*WORK TASK*. Give back all of the data exactly as it stands, with the pictures removed.

*DATA SECTION*.

* * * *

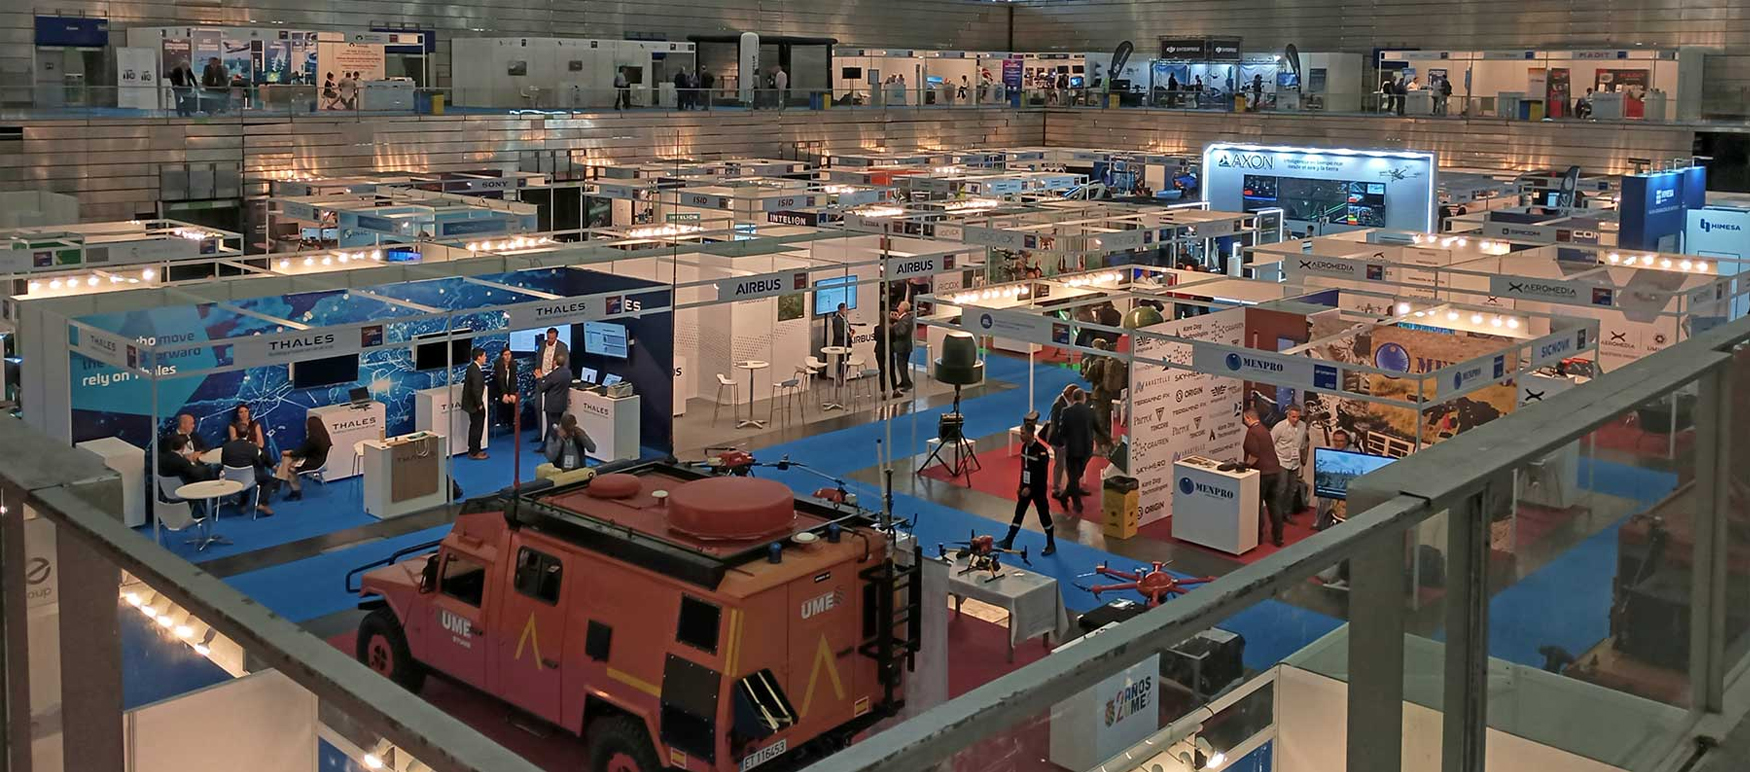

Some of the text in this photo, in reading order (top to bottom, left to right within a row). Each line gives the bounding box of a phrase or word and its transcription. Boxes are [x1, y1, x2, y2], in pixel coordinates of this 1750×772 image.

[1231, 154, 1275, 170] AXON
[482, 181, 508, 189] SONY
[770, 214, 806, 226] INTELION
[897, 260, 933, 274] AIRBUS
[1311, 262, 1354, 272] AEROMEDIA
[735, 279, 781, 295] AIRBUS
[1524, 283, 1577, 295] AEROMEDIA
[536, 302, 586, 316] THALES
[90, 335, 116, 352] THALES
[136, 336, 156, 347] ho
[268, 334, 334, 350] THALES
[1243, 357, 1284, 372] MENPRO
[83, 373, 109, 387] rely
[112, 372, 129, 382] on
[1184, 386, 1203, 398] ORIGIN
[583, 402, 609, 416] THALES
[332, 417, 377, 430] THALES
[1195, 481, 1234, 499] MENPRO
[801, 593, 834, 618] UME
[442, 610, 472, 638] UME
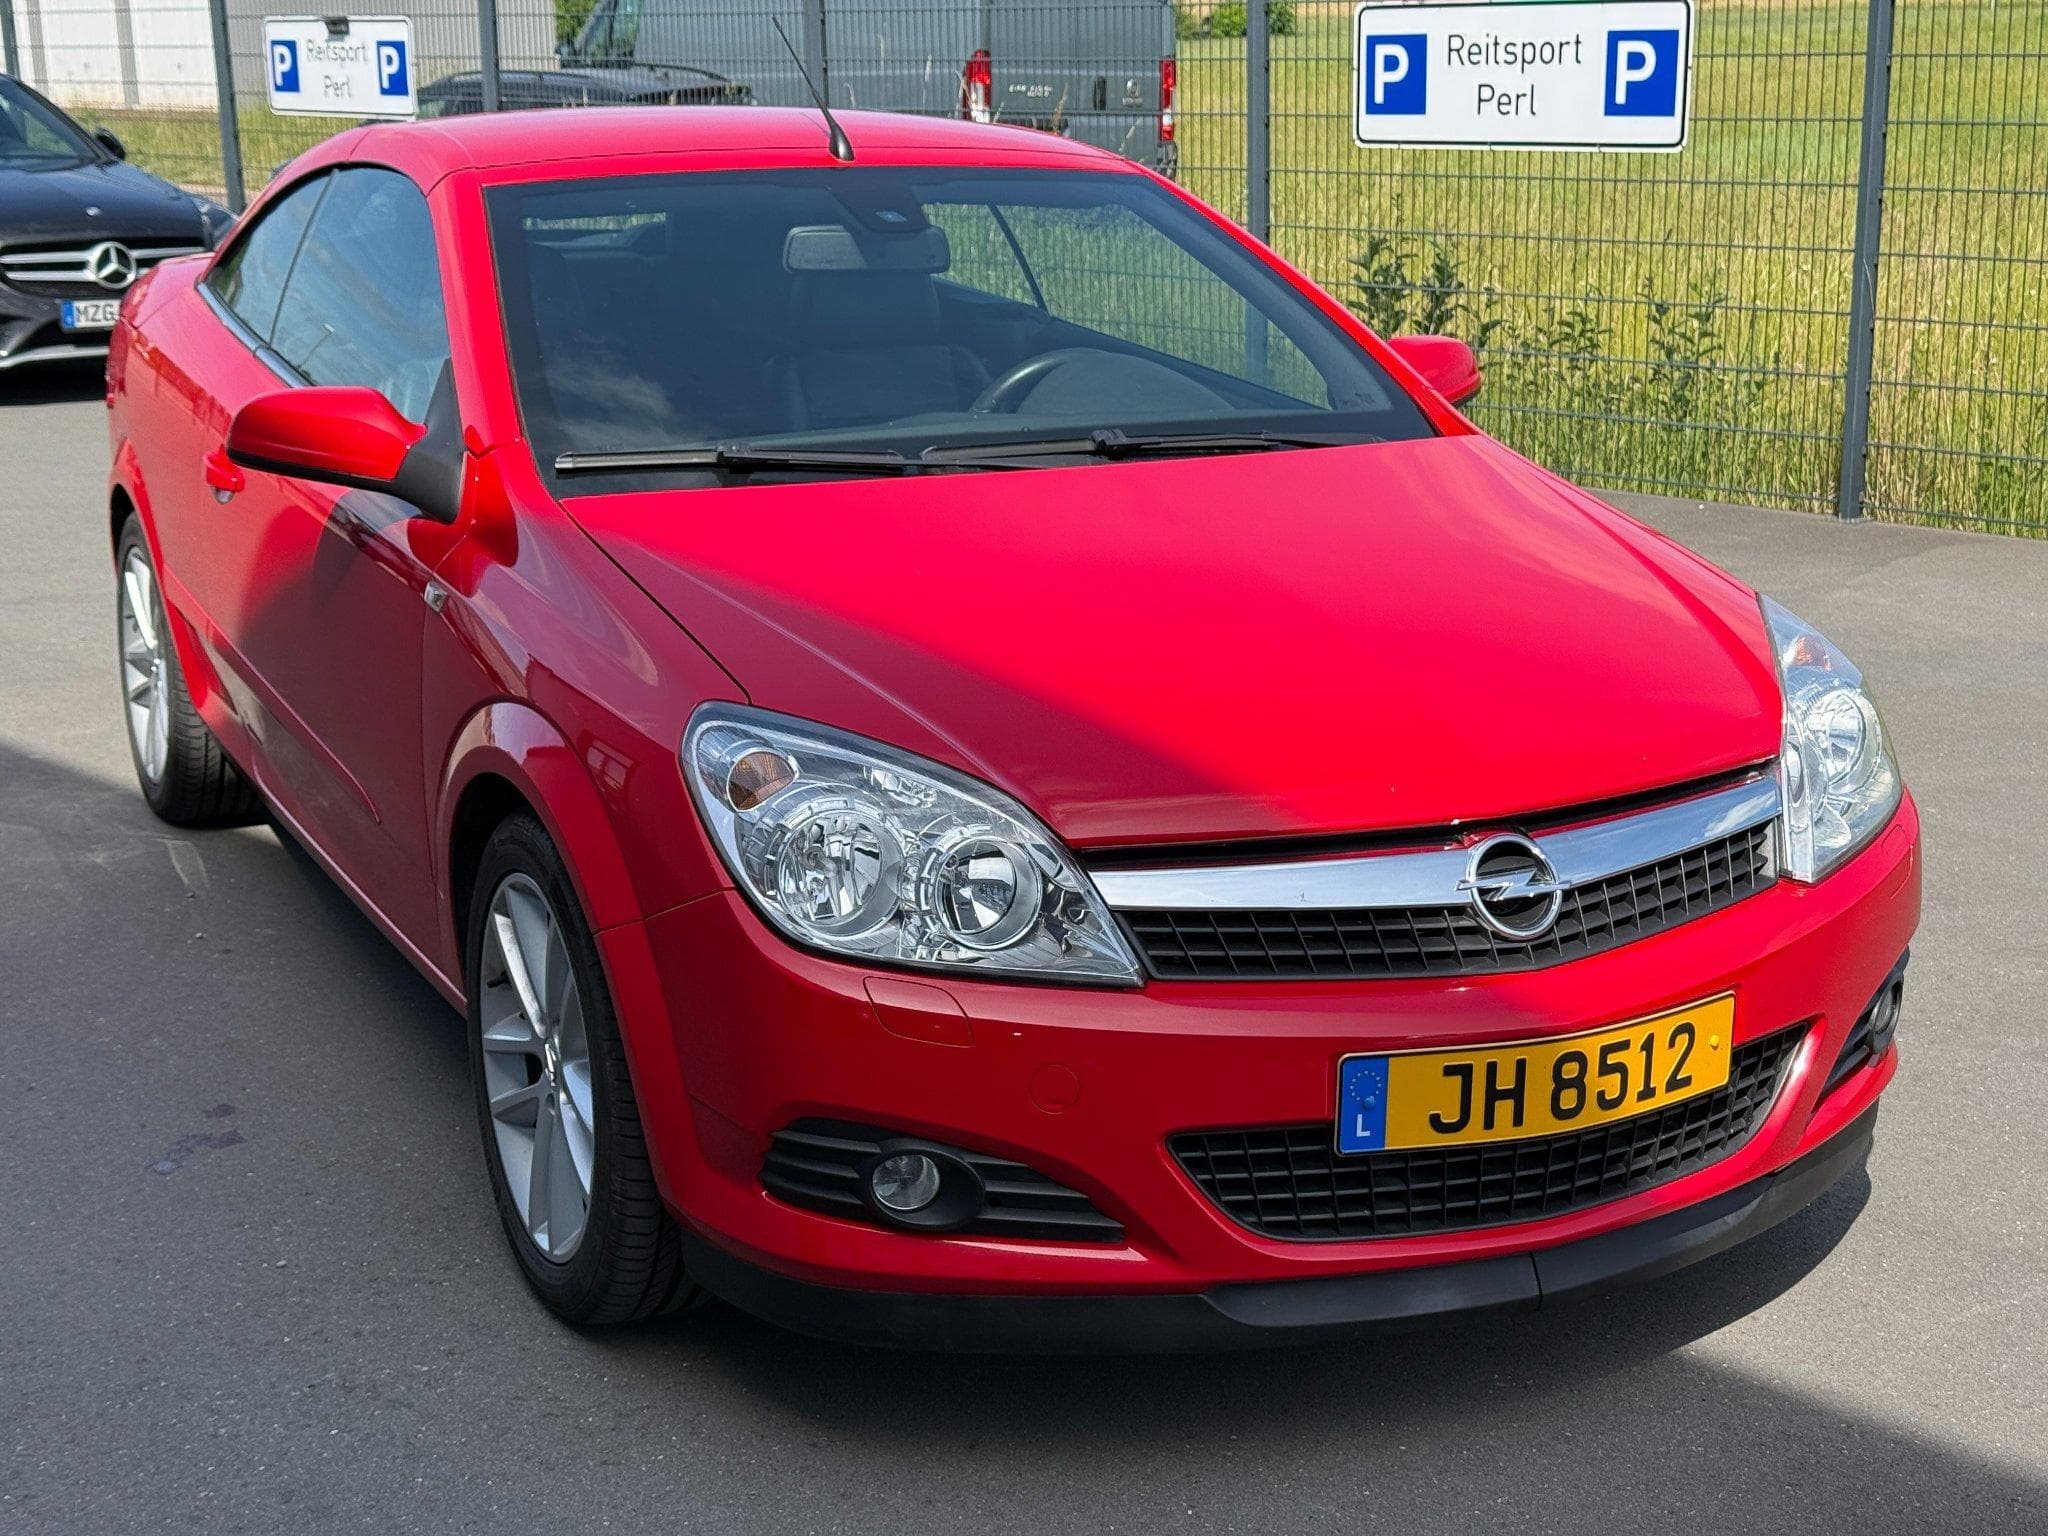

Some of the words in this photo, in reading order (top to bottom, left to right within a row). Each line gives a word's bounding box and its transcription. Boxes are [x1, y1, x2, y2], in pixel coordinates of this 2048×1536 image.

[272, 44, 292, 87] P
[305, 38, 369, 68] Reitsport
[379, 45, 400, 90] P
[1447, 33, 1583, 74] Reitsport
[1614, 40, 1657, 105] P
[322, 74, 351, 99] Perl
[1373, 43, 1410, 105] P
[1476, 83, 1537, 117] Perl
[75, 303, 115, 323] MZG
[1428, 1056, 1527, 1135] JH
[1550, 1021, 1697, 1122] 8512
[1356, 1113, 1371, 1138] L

* * * *

*WRITTEN RESPONSE*.
Some of the text in this photo, in reading order (top to bottom, left to right within a row). Each line gives the bounding box of a phrase or word and its transcription. Boxes are [x1, y1, x2, y2], in pixel coordinates of this 1750×772 image.

[1231, 154, 1275, 170] AXON
[482, 181, 508, 189] SONY
[770, 214, 806, 226] INTELION
[897, 260, 933, 274] AIRBUS
[1311, 262, 1354, 272] AEROMEDIA
[735, 279, 781, 295] AIRBUS
[1524, 283, 1577, 295] AEROMEDIA
[536, 302, 586, 316] THALES
[90, 335, 116, 352] THALES
[136, 336, 156, 347] ho
[268, 334, 334, 350] THALES
[1243, 357, 1284, 372] MENPRO
[83, 373, 109, 387] rely
[112, 372, 129, 382] on
[1184, 386, 1203, 398] ORIGIN
[583, 402, 609, 416] THALES
[332, 417, 377, 430] THALES
[1195, 481, 1234, 499] MENPRO
[801, 593, 834, 618] UME
[442, 610, 472, 638] UME

Some of the words in this photo, in reading order (top to bottom, left to right within a row). Each line gives a word's bounding box and its transcription. Boxes are [x1, y1, x2, y2], in pixel coordinates of this 2048×1536 image.

[272, 44, 292, 87] P
[305, 38, 369, 68] Reitsport
[379, 45, 400, 90] P
[1447, 33, 1583, 74] Reitsport
[1614, 40, 1657, 105] P
[322, 74, 351, 99] Perl
[1373, 43, 1410, 105] P
[1476, 83, 1537, 117] Perl
[75, 303, 115, 323] MZG
[1428, 1056, 1527, 1135] JH
[1550, 1021, 1697, 1122] 8512
[1356, 1113, 1371, 1138] L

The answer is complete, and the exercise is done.